By David Kettle
Agniezska Lukasiak’s harrowing and angry film follows young mother Marta and her daughter as they escape child prostitution in their home country of Belarus and flee to a refugee camp in the snowy wildernesses of northern Sweden.
Assured that the camp is not a prison, they are nevertheless trapped by government bureacracy deciding on their right to stay in the country, and at the mercy of the camp’s sinister residents and employees. Warned of rapes in the showers, and sharing a room with a woman who hides a knife under her pillow, they hold out a naïve hope for the future despite the odds against them.

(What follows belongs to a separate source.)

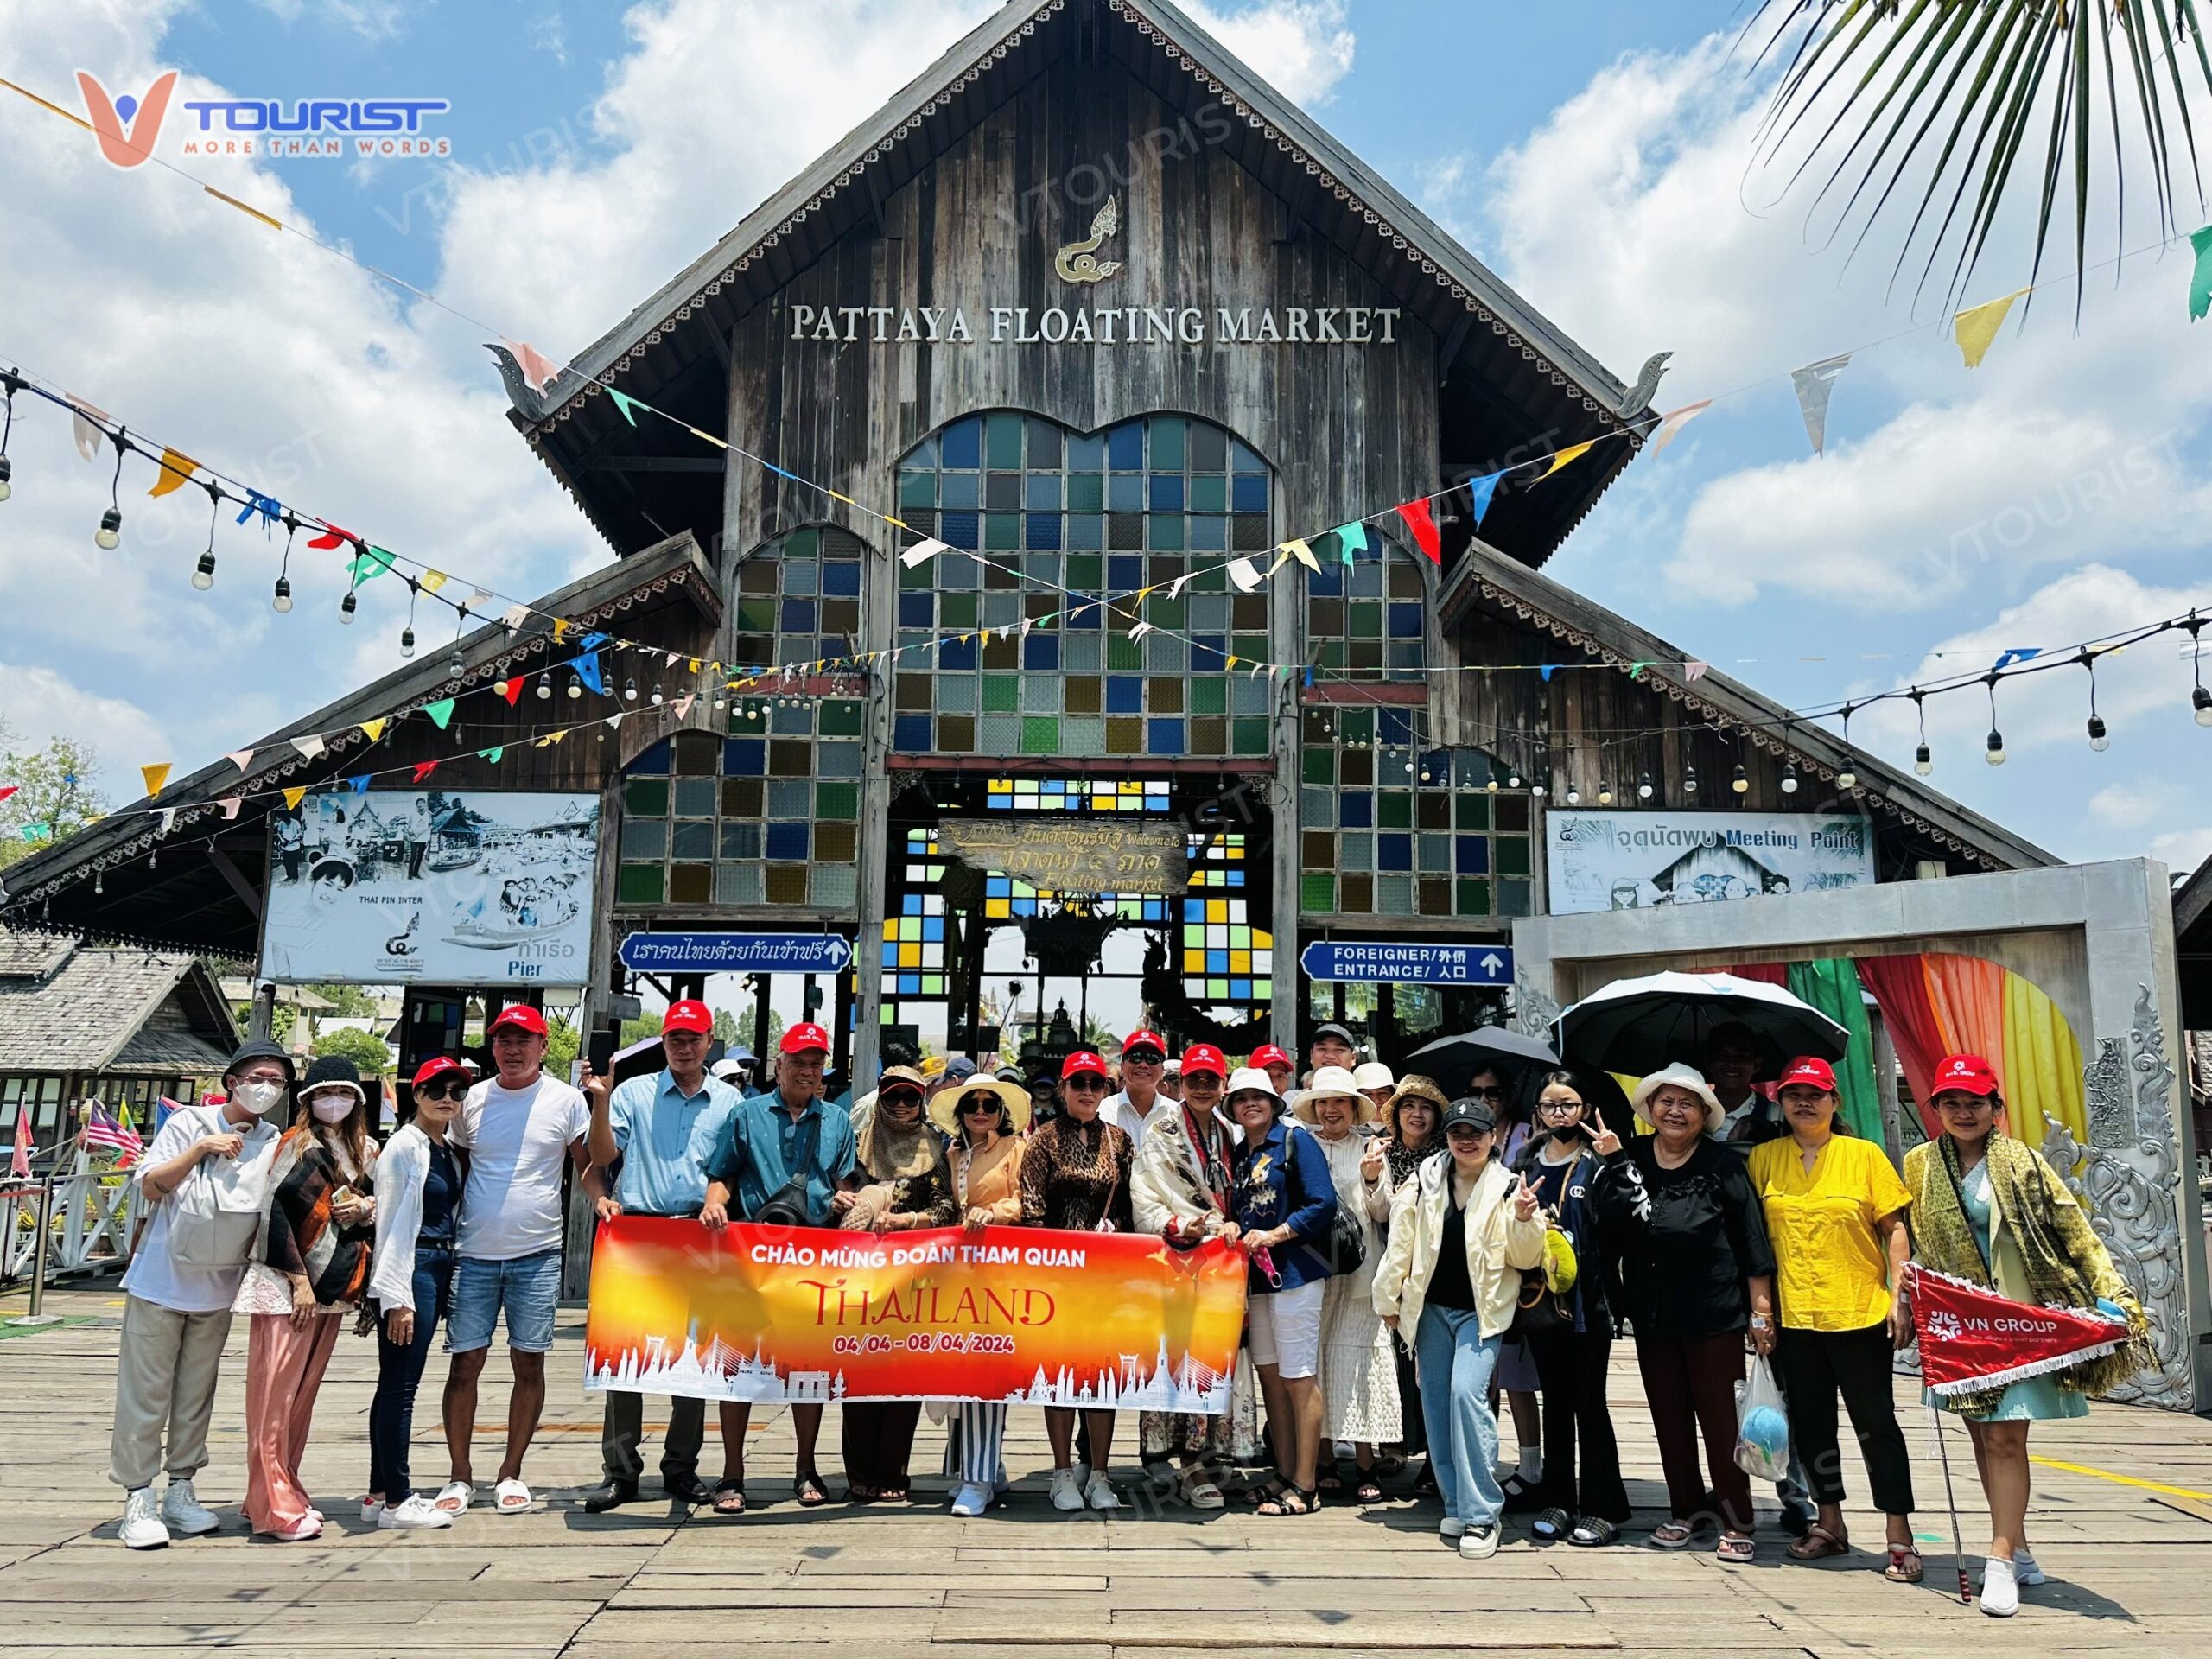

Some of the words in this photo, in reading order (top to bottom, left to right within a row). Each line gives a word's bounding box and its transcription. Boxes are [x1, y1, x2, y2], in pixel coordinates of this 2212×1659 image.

There’s an all-pervasive mood of doom and helplessness throughout the film that makes it an uavoidably difficult watch, despite compelling performances from the leads, especially Magdalena Poplawska in the lead role and Simon Kassianides as her uncertain beacon of hope.
Moments of hope, even happiness, emerge as Marta forms bonds with the other camp residents – a party to celebrate her moving out of the camp into a flat in the nearby town seems to come from nowhere, and there are long, almost voyeuristic sex scenes between Marta and her new-found lover.
But Lukasiak seems to take a perverse delight in shattering them at will. Her approach allows for little light and shade – Marta and daughter are innocents lost in a cruel world, and those against them are emotionless bureaucrats or wicked exploiters – and Lukasiak slowly grinds her characters into the ground with plot twists that leave the two women helpless and alone.
Maybe we do need to be reminded how hard life is for refugees. But a more subtle approach that probed deeper into its characters’ motivations and questioned stereotypes could only have made a stronger case.